A team of researchers led by the University of Nebraska–Lincoln has found that over the course of one day, in the placid waters of a single pond, a million virus particles might enter a single-celled organism known for its minuscule hairs (called “cilia”) that helps it propel through the water. According to the experts, those virus particles are far from being just a source of infection: they may in fact be a crucial part of the nutrition of these microscopic ciliates.
By collecting and analyzing samples of water from a pond in Nebraska, the scientists discovered that a species of Halteria – a microscopic ciliate populating freshwater worldwide – can eat enormous numbers of infectious chloroviruses which share their aquatic habitats. Thus, a virus-only diet – dubbed by the researchers “virovory” – is often enough to fuel the physiological and even population growth of an organism.

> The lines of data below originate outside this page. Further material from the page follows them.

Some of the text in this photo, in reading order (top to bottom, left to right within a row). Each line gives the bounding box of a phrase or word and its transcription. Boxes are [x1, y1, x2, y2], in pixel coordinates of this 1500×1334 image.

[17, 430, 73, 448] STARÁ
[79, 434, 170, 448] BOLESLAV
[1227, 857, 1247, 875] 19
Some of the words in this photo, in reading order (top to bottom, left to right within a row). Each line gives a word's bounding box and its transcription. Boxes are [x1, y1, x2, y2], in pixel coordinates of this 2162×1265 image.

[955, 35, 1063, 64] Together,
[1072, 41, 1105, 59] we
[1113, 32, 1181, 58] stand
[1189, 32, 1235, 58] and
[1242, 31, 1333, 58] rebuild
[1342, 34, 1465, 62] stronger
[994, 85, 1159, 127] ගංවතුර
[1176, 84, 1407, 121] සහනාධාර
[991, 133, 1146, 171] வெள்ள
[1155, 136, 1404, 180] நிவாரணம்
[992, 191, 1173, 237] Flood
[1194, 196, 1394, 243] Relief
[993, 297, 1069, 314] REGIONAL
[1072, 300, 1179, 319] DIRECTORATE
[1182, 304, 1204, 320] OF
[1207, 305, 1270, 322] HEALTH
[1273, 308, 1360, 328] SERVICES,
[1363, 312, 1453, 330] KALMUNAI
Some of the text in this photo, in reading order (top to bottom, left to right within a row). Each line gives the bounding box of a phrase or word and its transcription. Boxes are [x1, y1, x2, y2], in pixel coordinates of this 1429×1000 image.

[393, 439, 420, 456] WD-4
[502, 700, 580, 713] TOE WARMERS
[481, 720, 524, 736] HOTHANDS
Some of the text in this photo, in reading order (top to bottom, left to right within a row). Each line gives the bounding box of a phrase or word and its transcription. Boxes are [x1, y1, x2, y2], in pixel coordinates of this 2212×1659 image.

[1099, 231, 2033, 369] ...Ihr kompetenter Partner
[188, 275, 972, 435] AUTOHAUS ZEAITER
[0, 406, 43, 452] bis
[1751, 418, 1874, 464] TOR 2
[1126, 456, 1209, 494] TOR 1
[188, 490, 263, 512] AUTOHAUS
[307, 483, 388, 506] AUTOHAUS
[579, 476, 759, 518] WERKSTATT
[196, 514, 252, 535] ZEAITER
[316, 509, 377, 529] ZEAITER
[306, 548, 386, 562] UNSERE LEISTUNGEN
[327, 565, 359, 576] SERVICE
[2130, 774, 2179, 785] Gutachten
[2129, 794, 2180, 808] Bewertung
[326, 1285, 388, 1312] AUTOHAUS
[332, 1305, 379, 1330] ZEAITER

Chloroviruses have long been known to infect microscopic green algae, bursting them like balloons and spilling carbon and other life-sustaining elements into the open water. That carbon, instead of going to the predators of these tiny creatures, gets vacuumed up by other microorganism, in a rather grim – and perpetual – recycling program.
“That’s really just keeping carbon down in this sort of microbial soup layer, keeping grazers from taking energy up the food chain,” said study lead author John DeLong, an associate professor of Biological Sciences at Nebraska.
However, if ciliates eat those same viruses, then virovory could be counterbalancing the carbon recycling which the viruses are known to perpetuate. Thus, virovory may be aiding and abetting carbon’s escape from the dregs of the food web, granting it an upward mobility that viruses otherwise suppress.
“If you multiply a crude estimate of how many viruses there are, how many ciliates there are and how much water there is, it comes out to this massive amount of energy movement (up the food chain). If this is happening at the scale that we think it could be, it should completely change our view on global carbon cycling,” DeLong explained.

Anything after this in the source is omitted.